Text-to-region grounding data

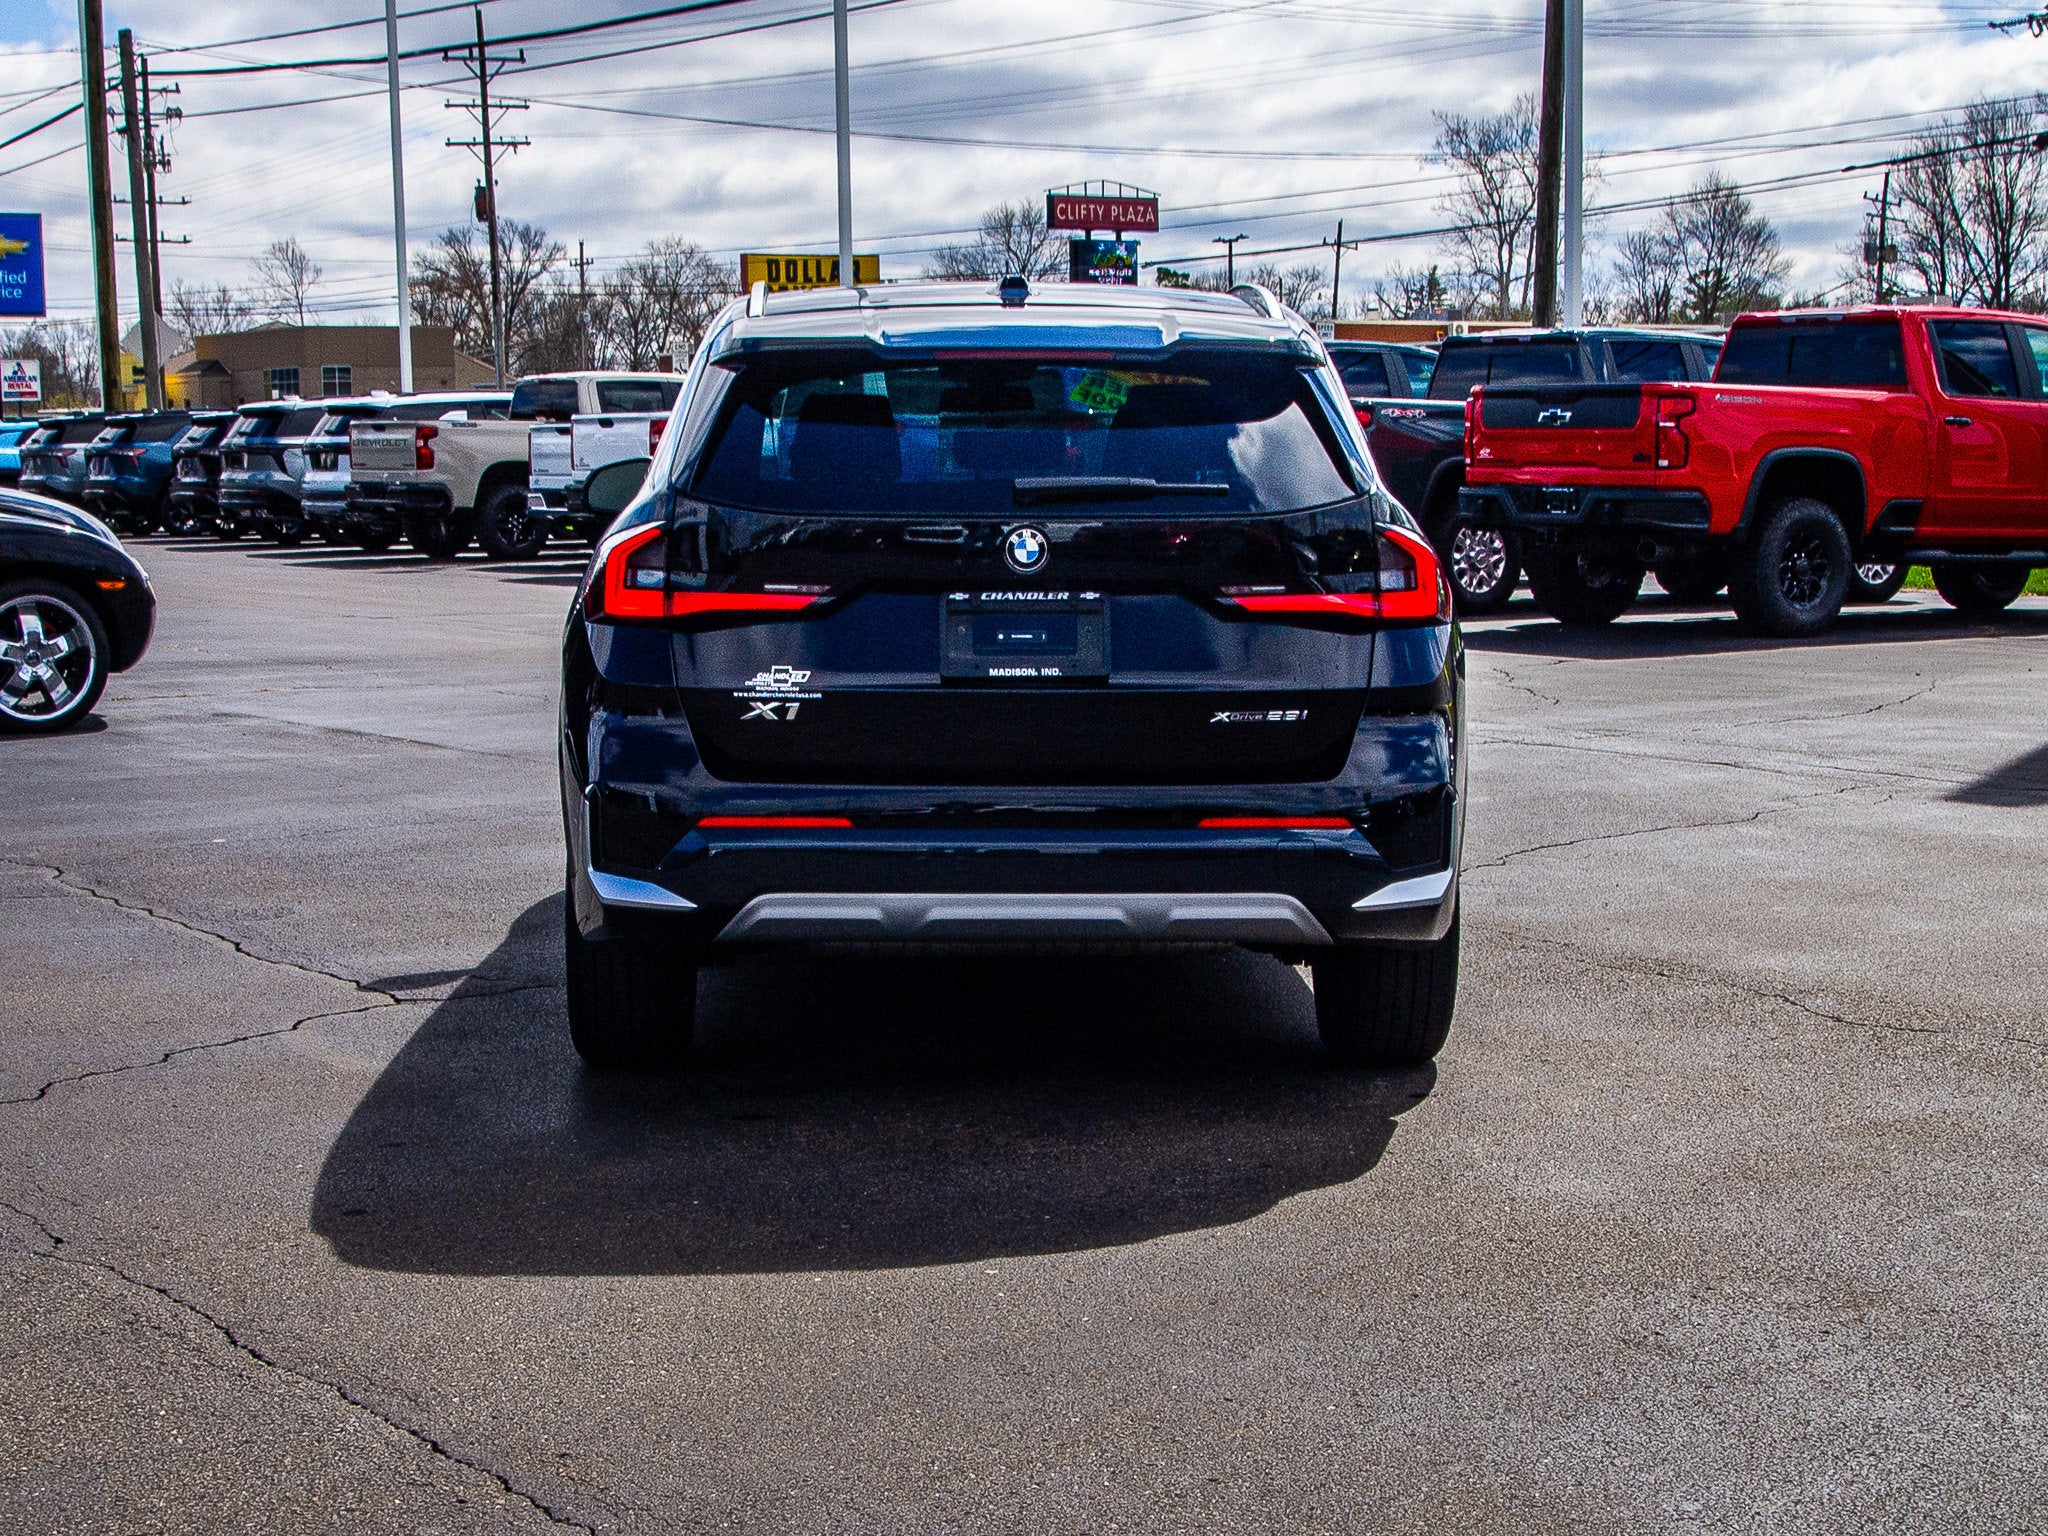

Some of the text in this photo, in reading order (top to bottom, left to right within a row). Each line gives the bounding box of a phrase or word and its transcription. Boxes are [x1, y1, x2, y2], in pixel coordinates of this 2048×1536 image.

[1056, 203, 1155, 222] CLIFTY PLAZA
[1010, 530, 1044, 543] BMW
[981, 592, 1069, 600] CHANDLER
[1041, 668, 1062, 676] IND.

— Task prompt —
With the images excluded, all entries are to be given again exactly.

— Solved problem —
Some of the text in this photo, in reading order (top to bottom, left to right within a row). Each line gives the bounding box of a phrase or word and its transcription. Boxes are [x1, y1, x2, y2], in pixel coordinates of this 2048×1536 image.

[1056, 203, 1155, 222] CLIFTY PLAZA
[1010, 530, 1044, 543] BMW
[981, 592, 1069, 600] CHANDLER
[1041, 668, 1062, 676] IND.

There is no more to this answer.